GIVEN DATA =
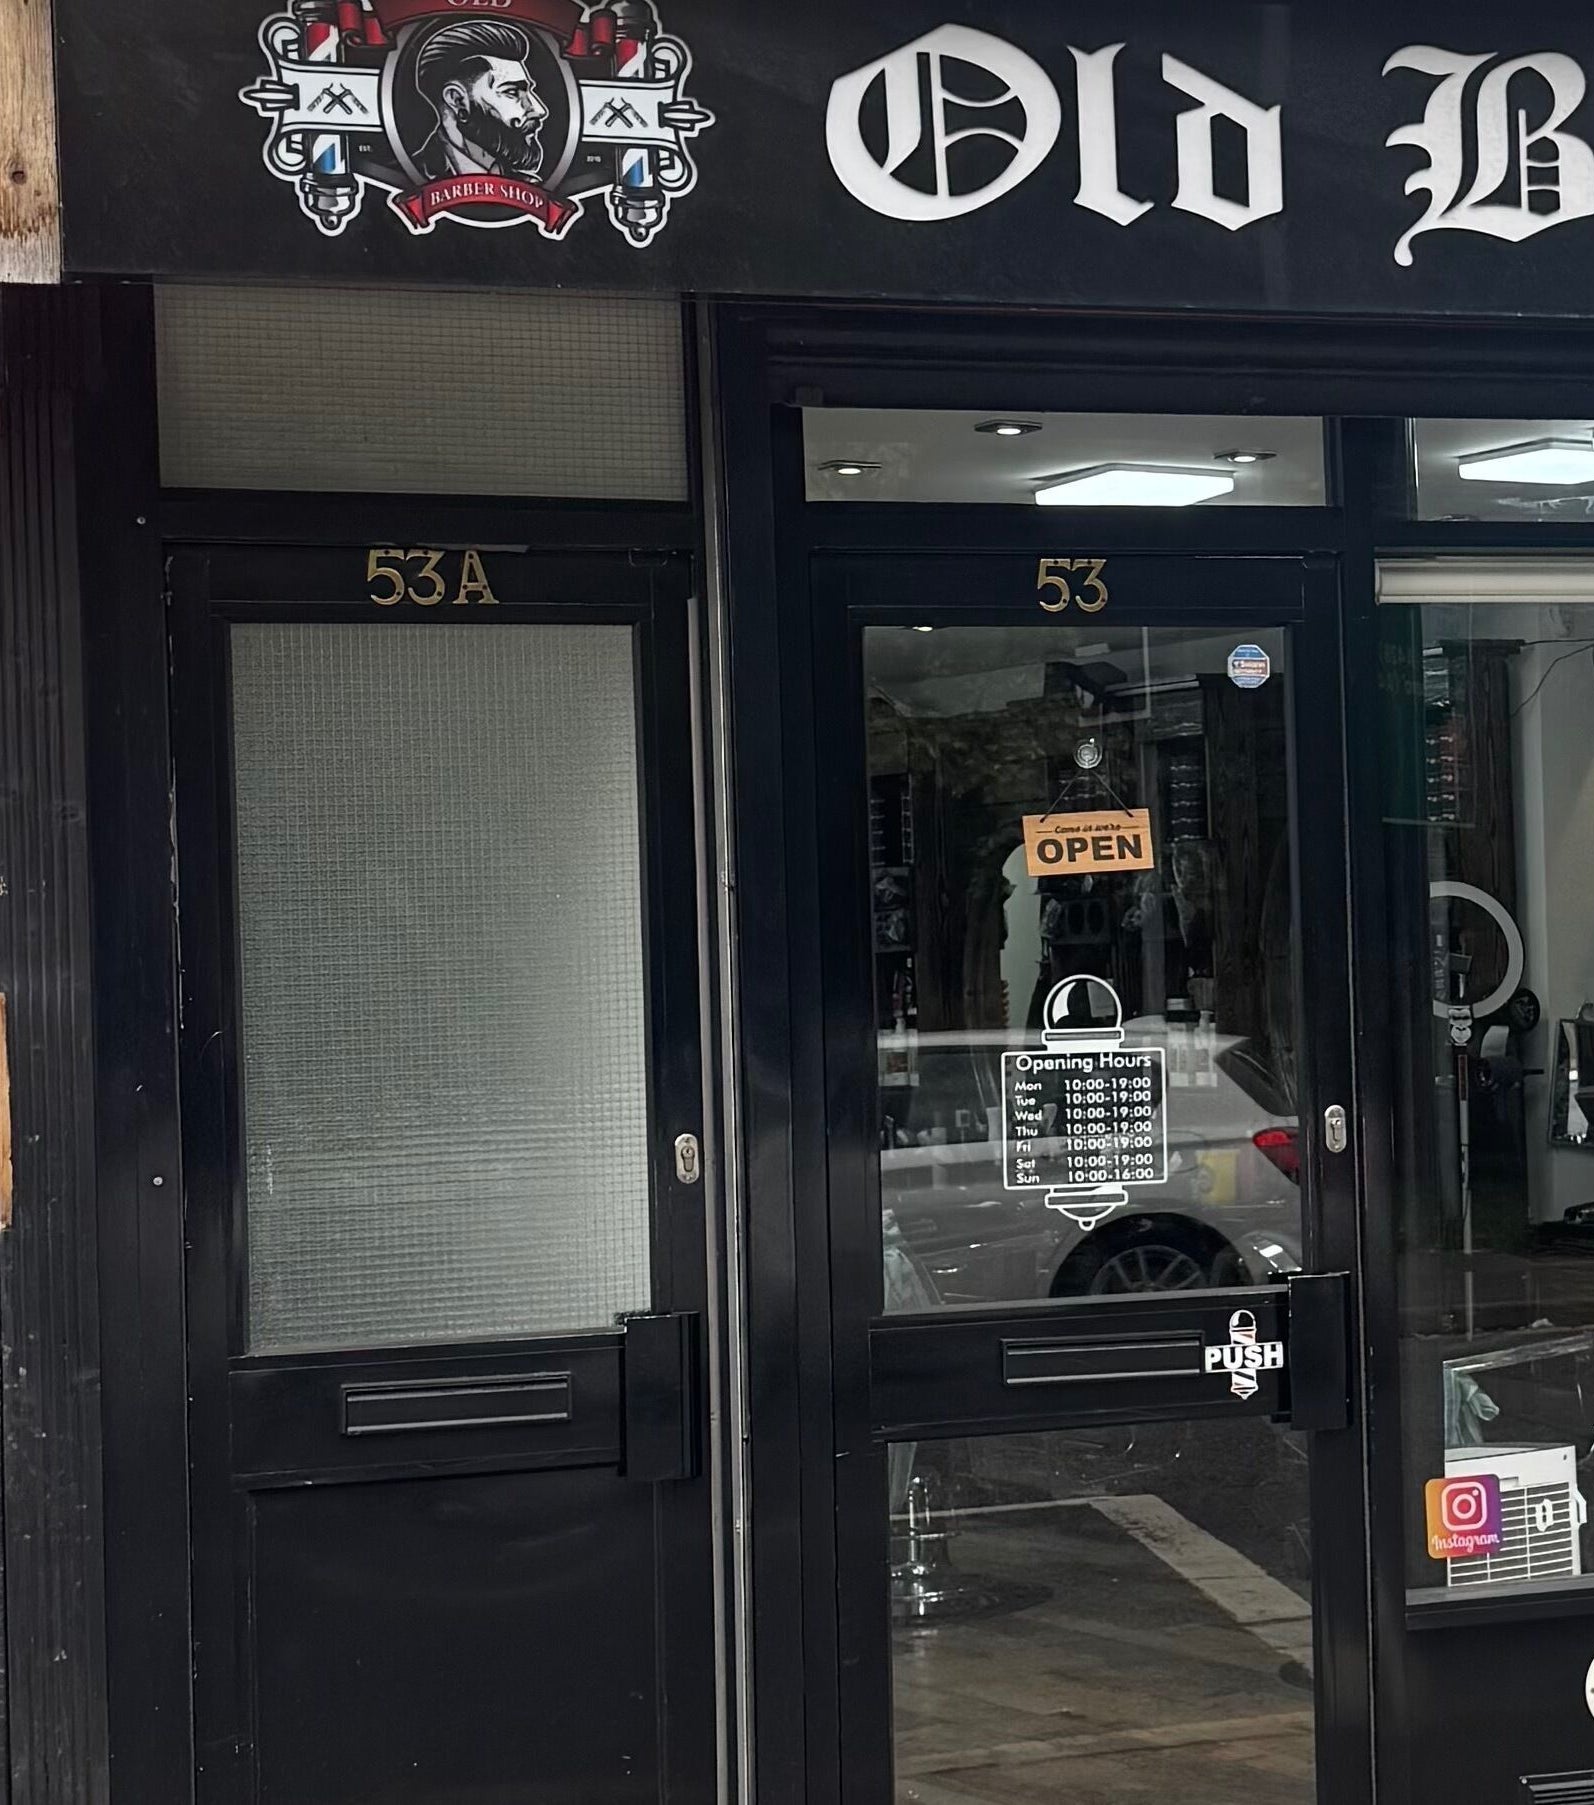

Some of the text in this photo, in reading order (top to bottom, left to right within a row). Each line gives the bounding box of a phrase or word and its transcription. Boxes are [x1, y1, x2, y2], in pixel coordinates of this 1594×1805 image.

[826, 24, 1283, 232] Old
[430, 182, 543, 209] BARBER SHOP
[1037, 558, 1108, 613] 53
[1037, 834, 1143, 864] OPEN
[1015, 1052, 1152, 1075] Opening Hours
[1014, 1077, 1151, 1091] Mon 10:00-19:00
[1015, 1091, 1151, 1106] Tue 10:00-19:00
[1015, 1106, 1151, 1121] Wed 10:00-19:00
[1015, 1121, 1152, 1137] Thu 10:00-19:00
[1016, 1140, 1031, 1153] Fri
[1016, 1154, 1153, 1169] Sat 10:00-19:00
[1016, 1172, 1040, 1184] Sun
[1205, 1343, 1283, 1373] PUSH
[1432, 1533, 1500, 1552] Instagram
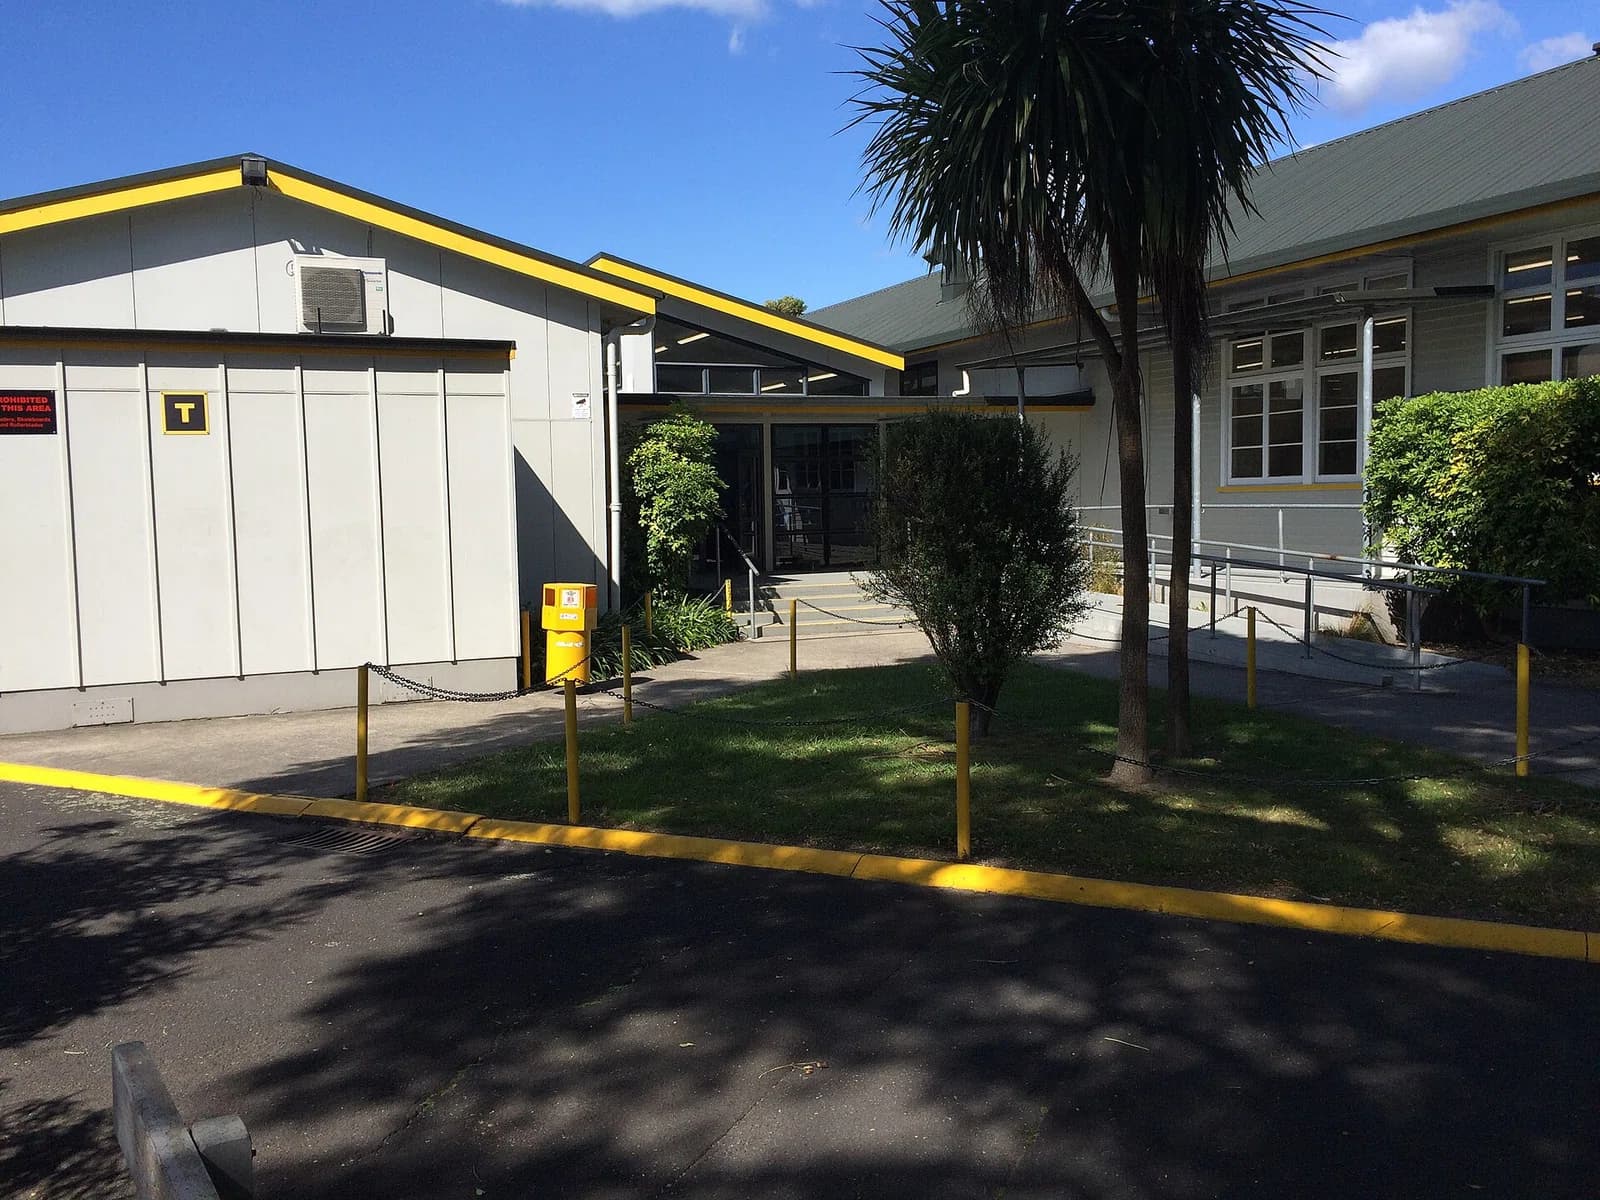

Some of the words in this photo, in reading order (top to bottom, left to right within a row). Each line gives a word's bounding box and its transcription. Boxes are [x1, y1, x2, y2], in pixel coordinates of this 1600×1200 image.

[1, 404, 23, 412] THIS
[26, 404, 52, 412] AREA
[174, 402, 195, 423] T
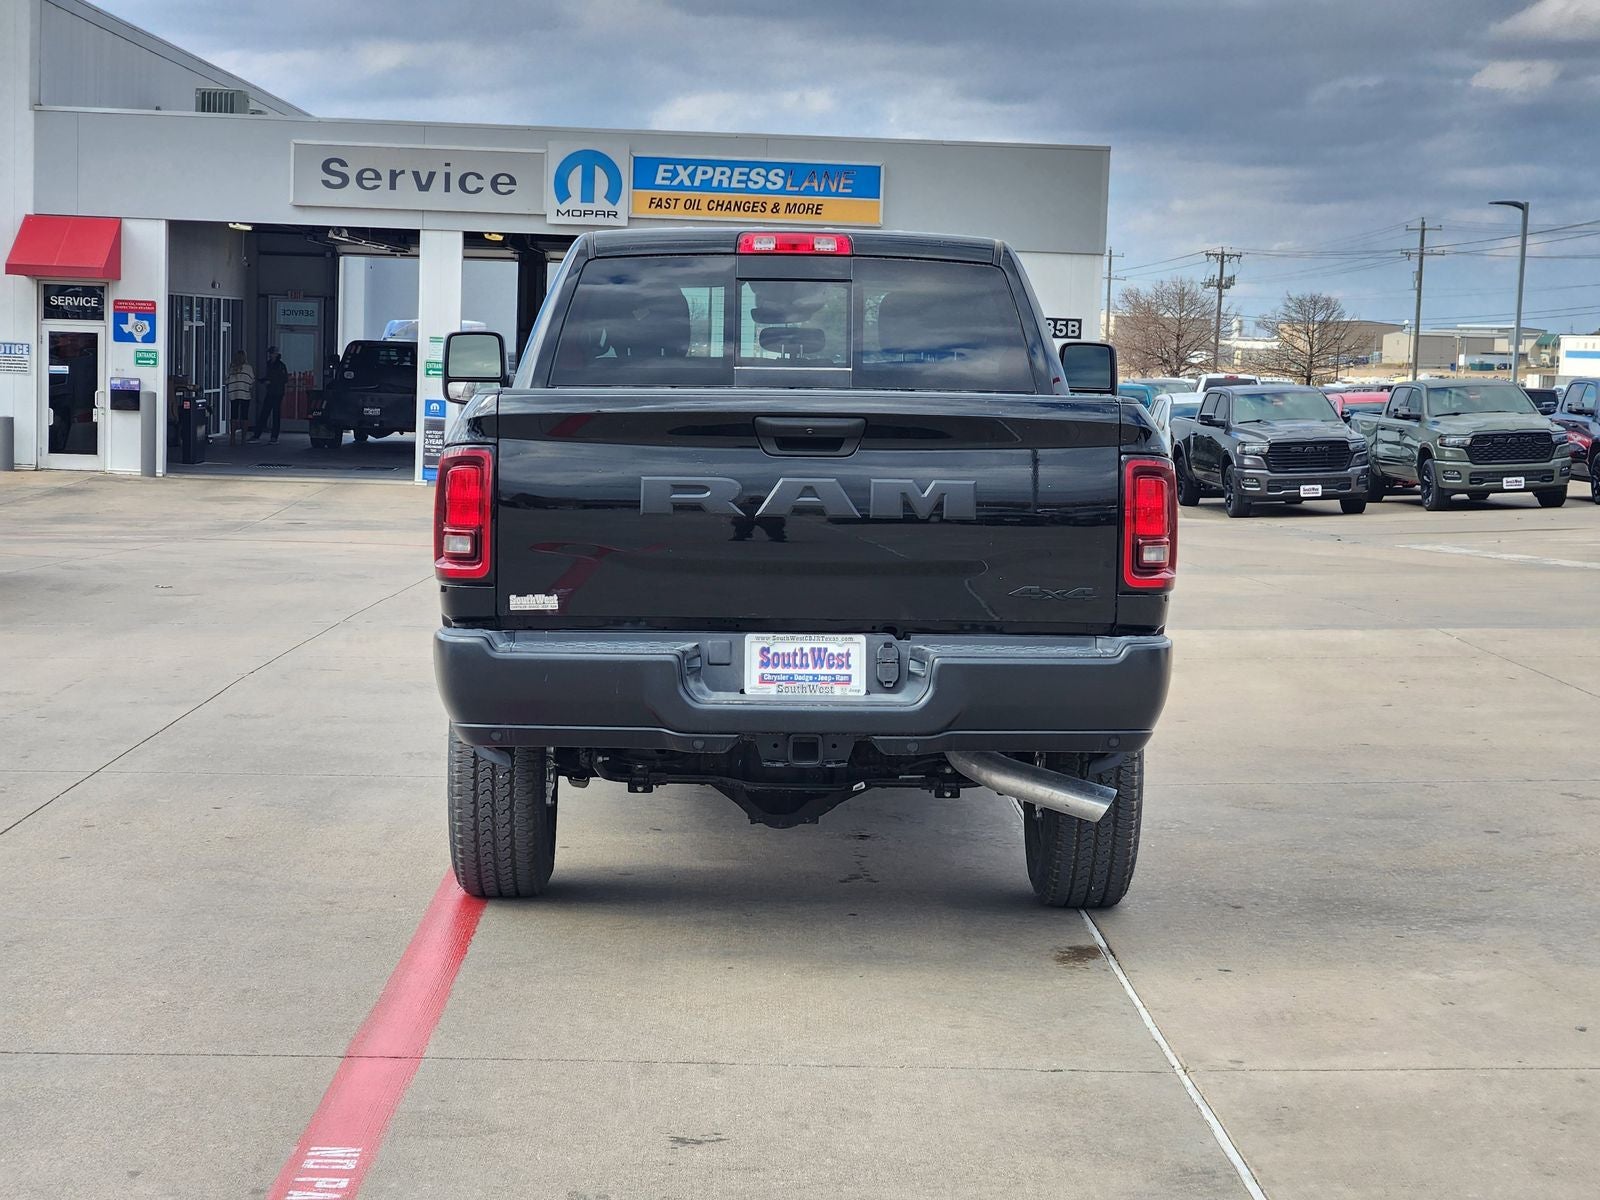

WHAT THE TASK REQUIRES =
Every entry must be retyped exactly, with the pictures removed.

REPLY TO THE EXERCISE =
Some of the text in this photo, in reading order (top to bottom, left to right within a row). Each line gives the bounding box of a phrase or word and its transcription. Boxes are [x1, y1, x2, y2], in pixel coordinates of this 1594×1805 image.

[826, 24, 1283, 232] Old
[430, 182, 543, 209] BARBER SHOP
[1037, 558, 1108, 613] 53
[1037, 834, 1143, 864] OPEN
[1015, 1052, 1152, 1075] Opening Hours
[1014, 1077, 1151, 1091] Mon 10:00-19:00
[1015, 1091, 1151, 1106] Tue 10:00-19:00
[1015, 1106, 1151, 1121] Wed 10:00-19:00
[1015, 1121, 1152, 1137] Thu 10:00-19:00
[1016, 1140, 1031, 1153] Fri
[1016, 1154, 1153, 1169] Sat 10:00-19:00
[1016, 1172, 1040, 1184] Sun
[1205, 1343, 1283, 1373] PUSH
[1432, 1533, 1500, 1552] Instagram

Some of the words in this photo, in reading order (top to bottom, left to right within a row). Each line gives a word's bounding box and its transcription. Boxes are [x1, y1, x2, y2], in pixel coordinates of this 1600×1200 image.

[1, 404, 23, 412] THIS
[26, 404, 52, 412] AREA
[174, 402, 195, 423] T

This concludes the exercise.